(Free-text object descriptions)
+++

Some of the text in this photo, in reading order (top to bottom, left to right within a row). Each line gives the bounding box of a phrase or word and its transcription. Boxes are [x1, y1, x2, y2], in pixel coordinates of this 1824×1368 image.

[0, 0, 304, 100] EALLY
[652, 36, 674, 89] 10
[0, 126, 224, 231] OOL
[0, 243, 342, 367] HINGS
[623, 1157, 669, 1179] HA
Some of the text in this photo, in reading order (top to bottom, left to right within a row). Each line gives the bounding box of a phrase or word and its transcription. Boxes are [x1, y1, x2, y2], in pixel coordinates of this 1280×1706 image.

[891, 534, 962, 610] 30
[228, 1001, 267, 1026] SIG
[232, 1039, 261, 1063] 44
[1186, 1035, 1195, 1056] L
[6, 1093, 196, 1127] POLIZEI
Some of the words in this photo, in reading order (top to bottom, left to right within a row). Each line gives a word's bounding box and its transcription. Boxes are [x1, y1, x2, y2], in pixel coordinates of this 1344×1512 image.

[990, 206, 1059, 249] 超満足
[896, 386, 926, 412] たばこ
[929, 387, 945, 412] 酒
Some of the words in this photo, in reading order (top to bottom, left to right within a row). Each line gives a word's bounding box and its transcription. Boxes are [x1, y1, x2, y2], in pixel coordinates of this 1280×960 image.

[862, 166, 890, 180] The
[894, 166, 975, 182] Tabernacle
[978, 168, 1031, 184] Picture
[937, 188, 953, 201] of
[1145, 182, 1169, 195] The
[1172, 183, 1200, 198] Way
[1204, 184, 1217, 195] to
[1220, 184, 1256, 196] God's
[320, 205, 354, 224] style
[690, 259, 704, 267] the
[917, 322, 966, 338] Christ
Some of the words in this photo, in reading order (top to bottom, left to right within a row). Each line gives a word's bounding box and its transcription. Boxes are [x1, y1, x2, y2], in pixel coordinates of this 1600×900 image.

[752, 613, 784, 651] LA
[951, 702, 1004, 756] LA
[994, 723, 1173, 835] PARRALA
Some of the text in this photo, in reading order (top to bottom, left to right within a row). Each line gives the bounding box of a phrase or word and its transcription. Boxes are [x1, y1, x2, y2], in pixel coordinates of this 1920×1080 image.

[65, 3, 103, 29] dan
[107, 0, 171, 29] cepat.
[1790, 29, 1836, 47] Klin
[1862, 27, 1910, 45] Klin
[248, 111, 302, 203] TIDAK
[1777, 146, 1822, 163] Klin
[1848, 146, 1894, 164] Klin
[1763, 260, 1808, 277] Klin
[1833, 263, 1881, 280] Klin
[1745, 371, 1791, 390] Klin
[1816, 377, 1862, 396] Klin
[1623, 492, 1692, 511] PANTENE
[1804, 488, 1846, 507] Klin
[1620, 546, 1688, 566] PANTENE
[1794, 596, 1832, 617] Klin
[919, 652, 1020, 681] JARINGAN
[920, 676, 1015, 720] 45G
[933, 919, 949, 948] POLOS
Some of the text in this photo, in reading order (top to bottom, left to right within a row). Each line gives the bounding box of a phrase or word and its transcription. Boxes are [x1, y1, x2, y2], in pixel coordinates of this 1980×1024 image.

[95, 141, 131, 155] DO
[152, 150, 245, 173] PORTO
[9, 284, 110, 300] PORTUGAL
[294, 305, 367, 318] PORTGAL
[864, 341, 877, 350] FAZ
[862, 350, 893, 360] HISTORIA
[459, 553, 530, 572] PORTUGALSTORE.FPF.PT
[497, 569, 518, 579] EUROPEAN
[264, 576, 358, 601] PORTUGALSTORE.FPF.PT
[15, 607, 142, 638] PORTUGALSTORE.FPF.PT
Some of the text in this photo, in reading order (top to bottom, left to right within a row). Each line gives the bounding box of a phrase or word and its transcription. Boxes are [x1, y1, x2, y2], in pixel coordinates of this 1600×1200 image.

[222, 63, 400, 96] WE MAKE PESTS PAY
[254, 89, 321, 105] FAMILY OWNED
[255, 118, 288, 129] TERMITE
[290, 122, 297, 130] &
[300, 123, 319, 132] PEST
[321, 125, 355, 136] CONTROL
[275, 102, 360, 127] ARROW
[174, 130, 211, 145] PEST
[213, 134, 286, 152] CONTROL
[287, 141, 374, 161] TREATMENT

+++

» Problem to work on:
For this exercise, copy word for word the line that contains "this 1600×1200 image." and every line after it, ending with the last line of the entries above.

» Expected answer:
Some of the text in this photo, in reading order (top to bottom, left to right within a row). Each line gives the bounding box of a phrase or word and its transcription. Boxes are [x1, y1, x2, y2], in pixel coordinates of this 1600×1200 image.

[222, 63, 400, 96] WE MAKE PESTS PAY
[254, 89, 321, 105] FAMILY OWNED
[255, 118, 288, 129] TERMITE
[290, 122, 297, 130] &
[300, 123, 319, 132] PEST
[321, 125, 355, 136] CONTROL
[275, 102, 360, 127] ARROW
[174, 130, 211, 145] PEST
[213, 134, 286, 152] CONTROL
[287, 141, 374, 161] TREATMENT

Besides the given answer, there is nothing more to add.